> [DIRECTIONS] Word for word, give the data again without its pictures.
▬▬▬▬▬▬▬▬▬▬
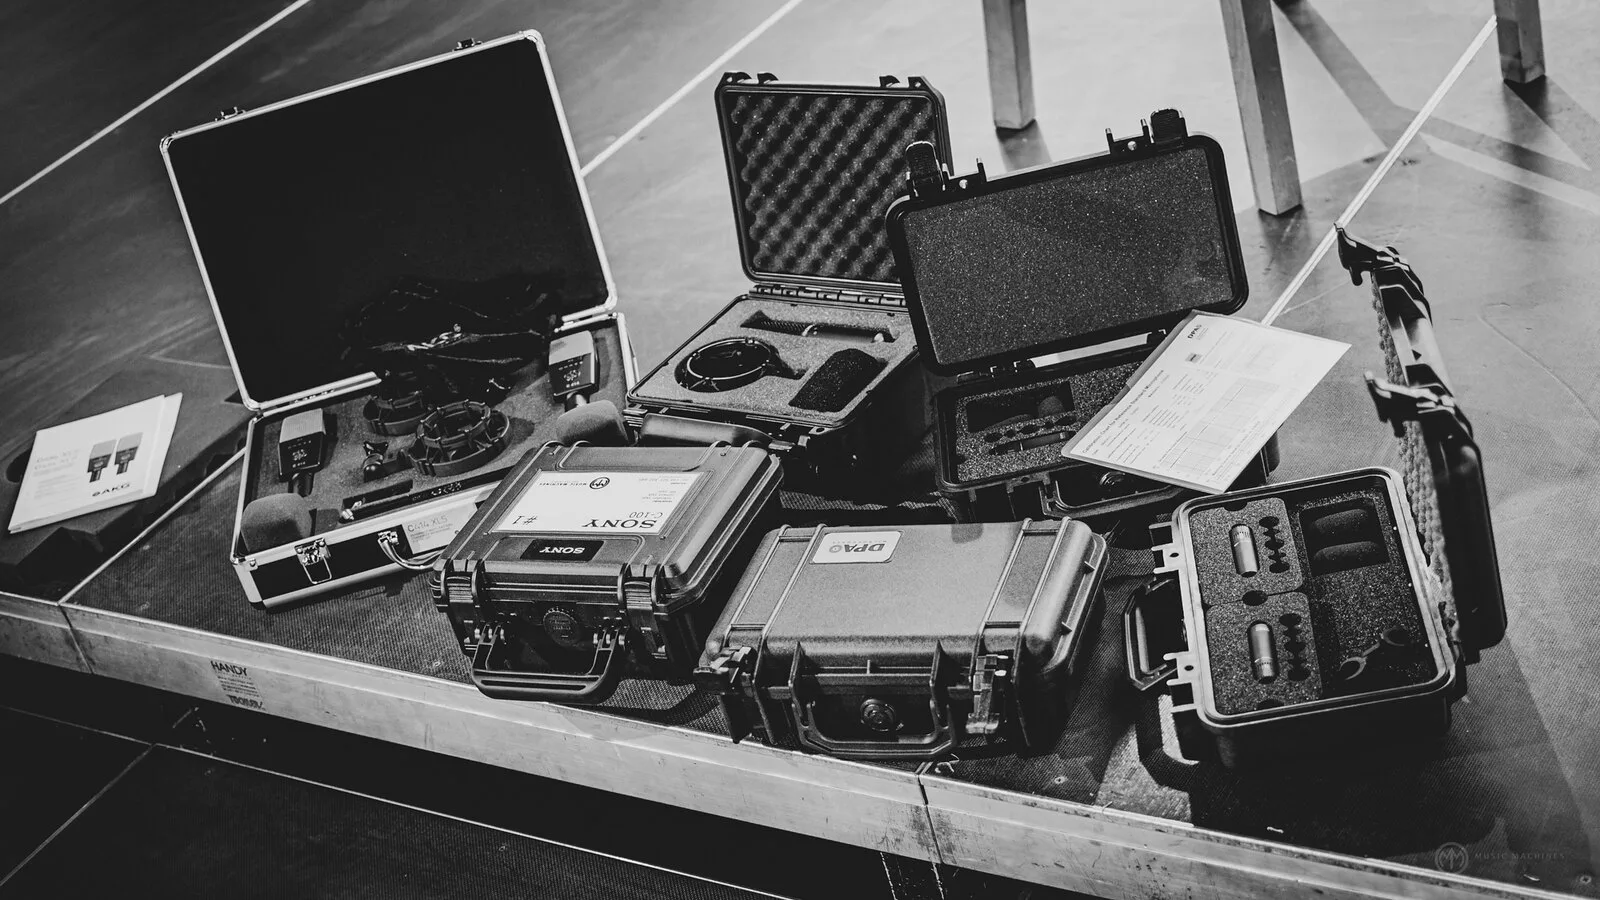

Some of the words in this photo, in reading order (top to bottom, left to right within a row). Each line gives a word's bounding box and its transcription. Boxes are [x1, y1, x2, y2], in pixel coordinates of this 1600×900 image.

[628, 511, 663, 519] C-100
[511, 515, 538, 525] #1
[581, 518, 658, 528] SONY
[539, 546, 585, 554] SONY
[844, 543, 885, 552] DPA
[210, 660, 247, 676] HANDY
▬▬▬▬▬▬▬▬▬▬
> [SOLUTION FOR THIS PROBLEM]
Some of the words in this photo, in reading order (top to bottom, left to right within a row). Each line gives a word's bounding box and its transcription. Boxes are [x1, y1, x2, y2], in pixel coordinates of this 1600×900 image.

[628, 511, 663, 519] C-100
[511, 515, 538, 525] #1
[581, 518, 658, 528] SONY
[539, 546, 585, 554] SONY
[844, 543, 885, 552] DPA
[210, 660, 247, 676] HANDY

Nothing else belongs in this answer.